Tão logo o fato veio à tona, a mídia escrita, falada e
televisionada imediatamente trataram de buscar um culpado por toda aquela
situação. Inicialmente teria sido o segurança que, por não ter visto fumaça nem
fogo, impediu, em um primeiro momento, a saída dos clientes, pensando se tratar
de uma tentativa de se evadir do local sem pagar o que foi consumido.
Em seguida a “culpa” passou a recair sobre a banda, que
teria programado um show pirotécnico – ao que parece uma característica do
grupo musical, bastante conhecido na região – sem observar as normas de
segurança.
Por fim, a responsabilidade chegou aos sócios do
estabelecimento, eis que em tese estariam funcionando com o alvará vencido e
sem equipamentos e plano de fuga adequados para o local.

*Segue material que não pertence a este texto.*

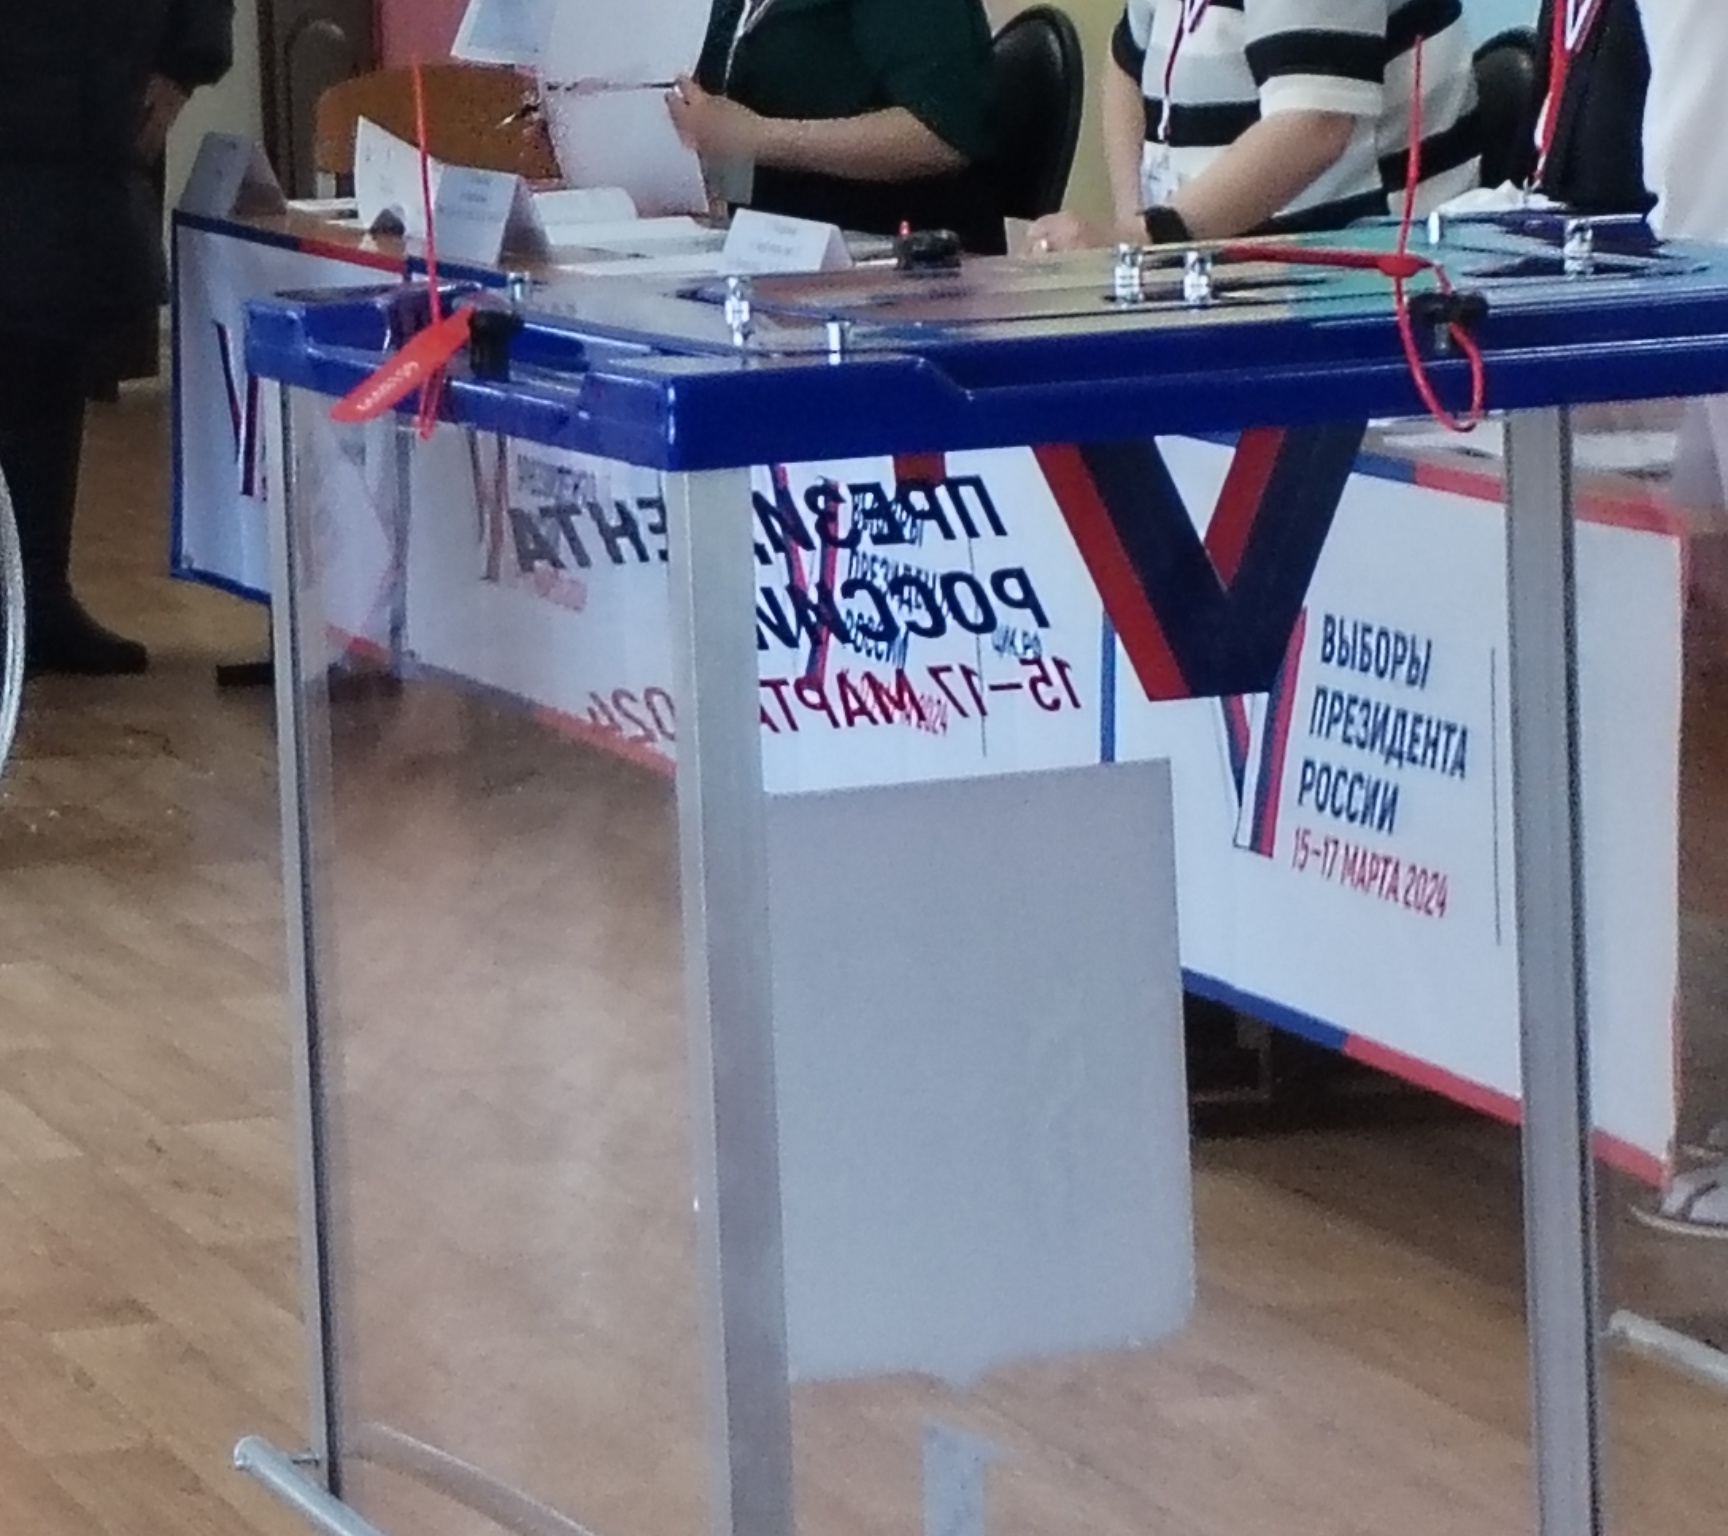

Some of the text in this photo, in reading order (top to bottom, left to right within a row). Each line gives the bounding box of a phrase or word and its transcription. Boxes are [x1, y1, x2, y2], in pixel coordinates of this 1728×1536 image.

[1321, 614, 1432, 690] ВЫБОРЫ
[1309, 685, 1469, 779] ПРЕЗИДЕНТА
[1297, 759, 1399, 836] РОССИИ
[1340, 843, 1399, 906] МАРТА
[1403, 865, 1449, 918] 2024

Não demoraria muito e – diante da enorme repercussão que
os fatos tomaram na imprensa – alguma autoridade pública se valeria dessa
tragédia para catapultar sua exposição nos órgãos de imprensa nacional. Não
demorou!
No dia seguinte a esses tristes fatos, a população
brasileira acordou com a notícia de que foi decretada a prisão temporária dos
donos do estabelecimento comercial onde o incêndio ocorreu e dos músicos que
teriam iniciado o show pirotécnico no interior da boate.

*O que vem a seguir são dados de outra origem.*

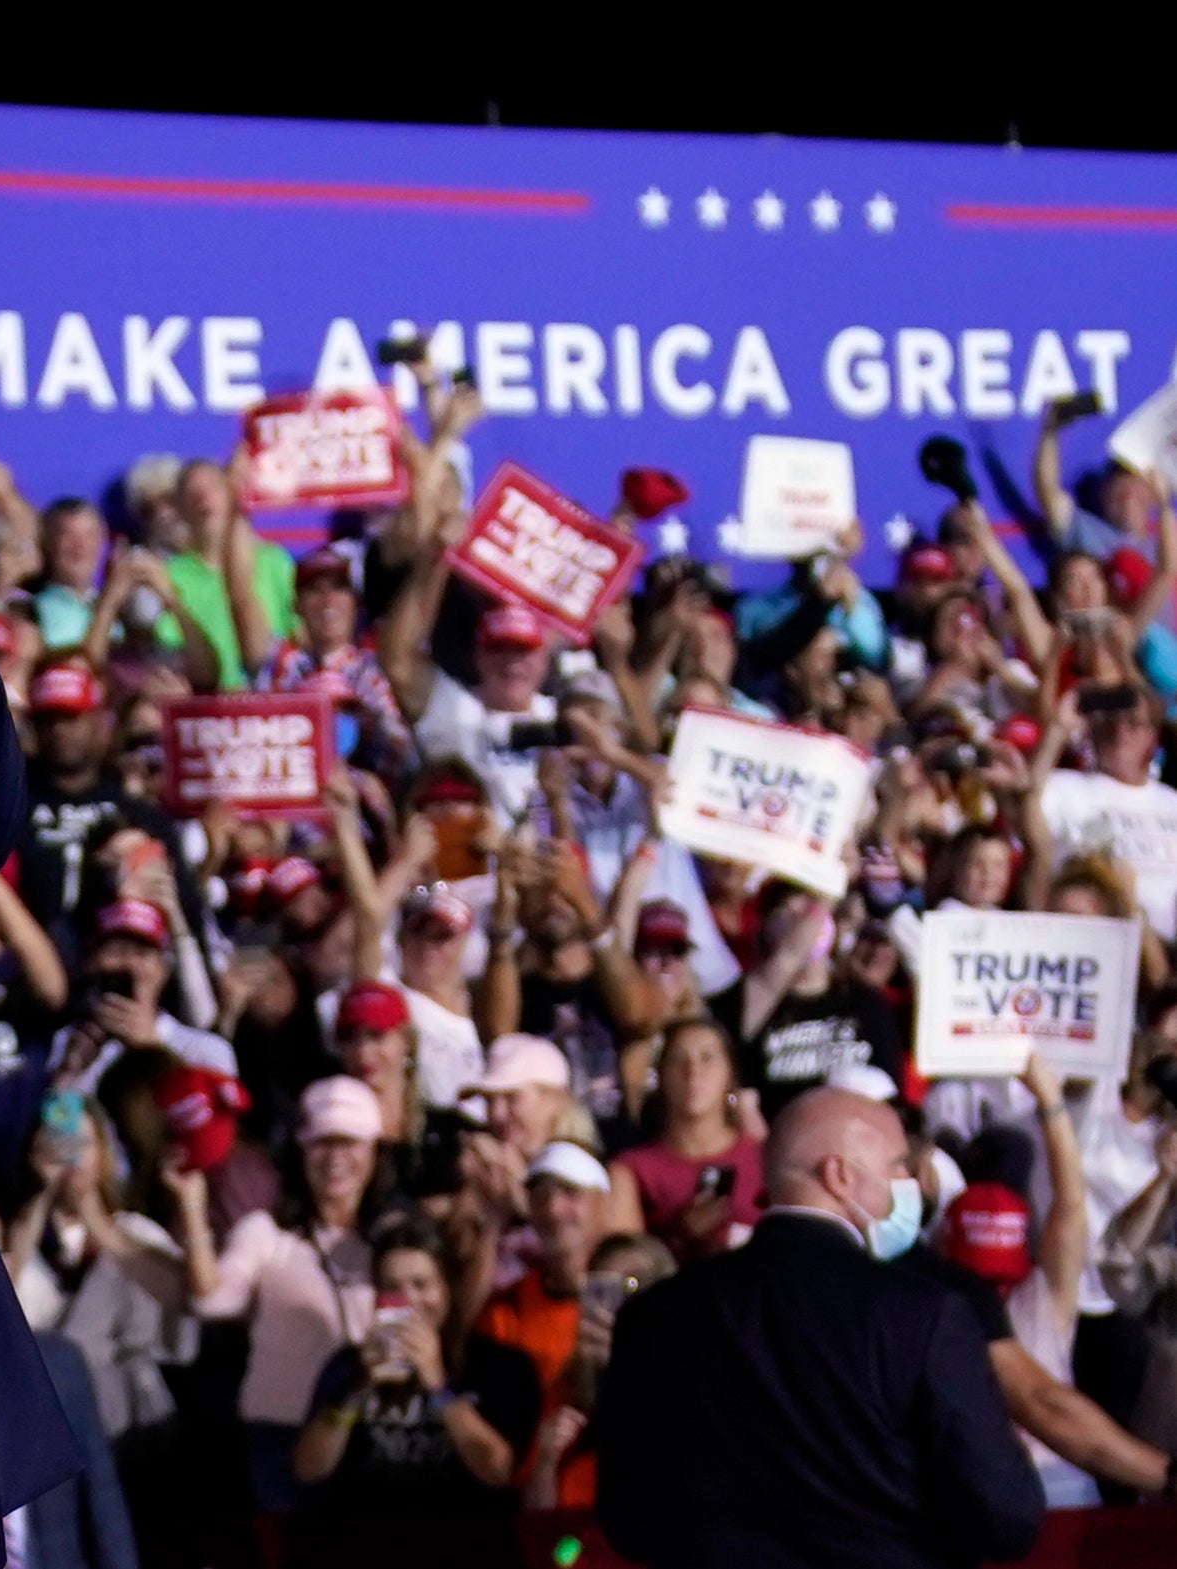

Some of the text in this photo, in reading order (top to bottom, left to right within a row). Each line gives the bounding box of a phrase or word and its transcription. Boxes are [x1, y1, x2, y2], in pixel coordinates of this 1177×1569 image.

[826, 325, 1132, 420] GREAT
[496, 486, 618, 573] TRUMP
[511, 530, 606, 603] VOTE
[175, 714, 315, 749] TRUMP
[207, 746, 318, 779] VOTE
[952, 953, 1100, 985] TRUMP
[985, 987, 1099, 1021] VOTE

A fim de justificar o seu pedido de segregação cautelar
dos envolvidos, o delegado responsável pelo inquérito policial apareceu em rede
nacional alegando que tal medida foi tomada para ajudar a esclarecer como o fogo
começou e por que as pessoas não conseguiam sair da boate.

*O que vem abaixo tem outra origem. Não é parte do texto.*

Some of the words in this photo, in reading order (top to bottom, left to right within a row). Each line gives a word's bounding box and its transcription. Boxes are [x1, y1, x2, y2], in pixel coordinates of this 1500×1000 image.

Ou seja, escancaradamente a autoridade policial,
responsável pelas investigações prendeu os supostos responsáveis por esses
tristes fatos, para que estes possam esclarecer questões técnicas, distorcendo,
assim, de forma flagrante o uso indevido dessa gravíssima medida cautelar. Ora,
não bastava interrogá-los para isso?
Conforme se depreende do art. 1° da Lei n° 7960/89, a
prisão temporária é medida de exceção no direito penal brasileiro é somente
deve ser utilizada quando houver fundadas razões de autoria e participação de
um cidadão nos crimes abaixo elencados e desde que sejam imprescindíveis para o
deslinde da investigação:
a) homicídio doloso (art. 121,
caput, e seu § 2°);
b) sequestro ou cárcere privado
(art. 148, caput, e seus §§ 1° e 2°);
c) roubo (art. 157, caput, e
seus §§ 1°, 2° e 3°);
d) extorsão (art. 158, caput, e
seus §§ 1° e 2°);
e) extorsão mediante sequestro
(art. 159, caput, e seus §§ 1°, 2° e 3°);
f) estupro (art. 213, caput, e sua
combinação com o art. 223, caput, e parágrafo único);
g) atentado violento ao pudor
(art. 214, caput, e sua combinação com o art. 223, caput, e parágrafo único);
h) rapto violento (art. 219, e
sua combinação com o art. 223 caput, e parágrafo único);
i) epidemia com resultado de
morte (art. 267, § 1°);
j) envenenamento de água
potável ou substância alimentícia ou medicinal qualificado pela morte (art.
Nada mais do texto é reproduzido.